You'd be spending around £30,000, roughly the average annual salary in the UK today. Back in the 1930s, you could expect to be paid around £200 a year, and in 1933, for £198 10s, you could have had yourself one of Wolseley's new Hornets.
The Birmingham-based car maker then offered a similar choice of bodystyles, including various four-door saloons, either metal or fabric-bodied, two-door sports cars, coupés, or, most alien today, a bare chassis, upon which you could commission an independent coachbuilder to design a body for you.
On 24 February 1933, Autocar road tested the latest iteration of the original 7ft 6½in-wheelbase four-door saloon model in factory-coachbuilt form (a 1932 model is pictured below).
The Hornet, we said, possessed a “definite fascination which cannot be measured in mere mechanical terms”, with an “elusive charm that is very evident to the senses but almost impossible to describe. It “intangibly spreads a feeling of reliable friendliness”, we reckoned, or in other words, “carsonality”.

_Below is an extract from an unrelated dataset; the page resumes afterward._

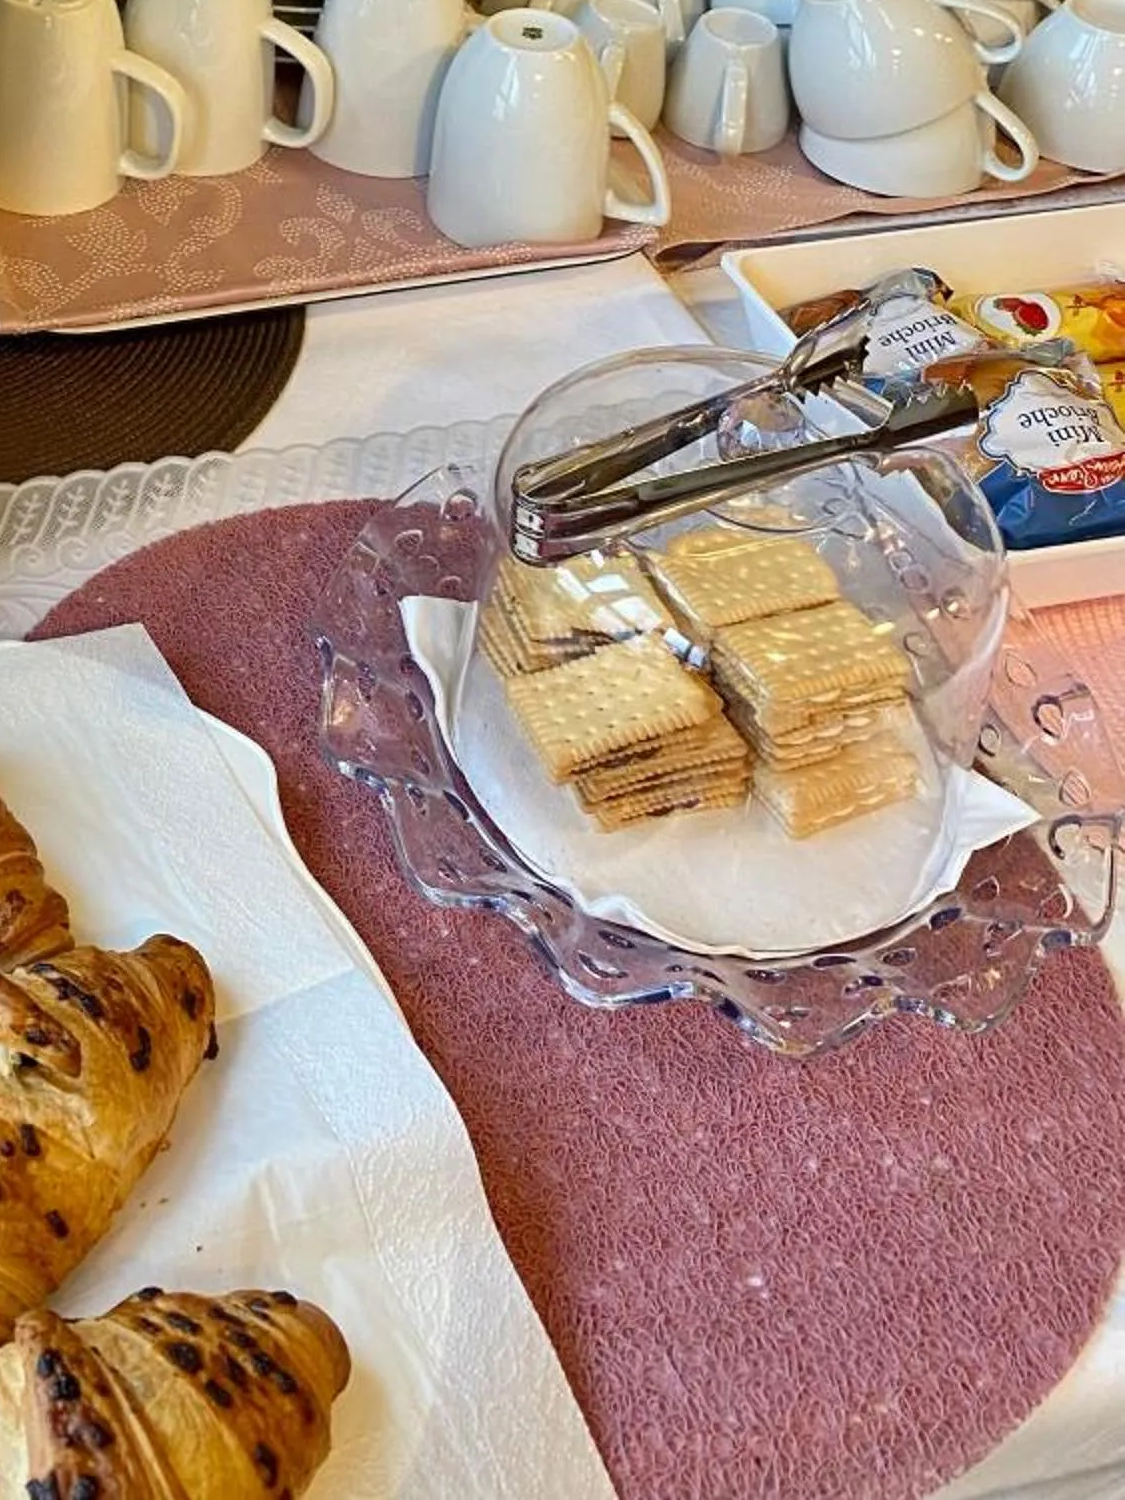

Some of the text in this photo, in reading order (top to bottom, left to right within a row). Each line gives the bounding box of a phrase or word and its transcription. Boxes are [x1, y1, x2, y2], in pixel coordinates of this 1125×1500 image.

[877, 313, 958, 347] Brioche
[1017, 404, 1101, 429] Brioche
[1046, 425, 1105, 448] Mini

“When a driver gets into the seat, he is first struck with the light easiness of the movements of the gear lever, and then with the obliging nature of the steering,” we enthused. “Afterwards, he observes the comfort of the springing, then notes the unobtrusiveness of the engine, and eventually is inclined to be surprised to find that he has covered a known journey in an unexpectedly short space of time.” Indeed, we reached 60mph over a timed mile and accelerated from 10-30mph in 8.0sec in second gear.
The Hornet was light, and this meagre heft was well distributed, and in conjunction with “springing flexible enough for comfort at low speeds,” provided a ride of “marked steadiness” and “a feeling of safety when travelling fast”.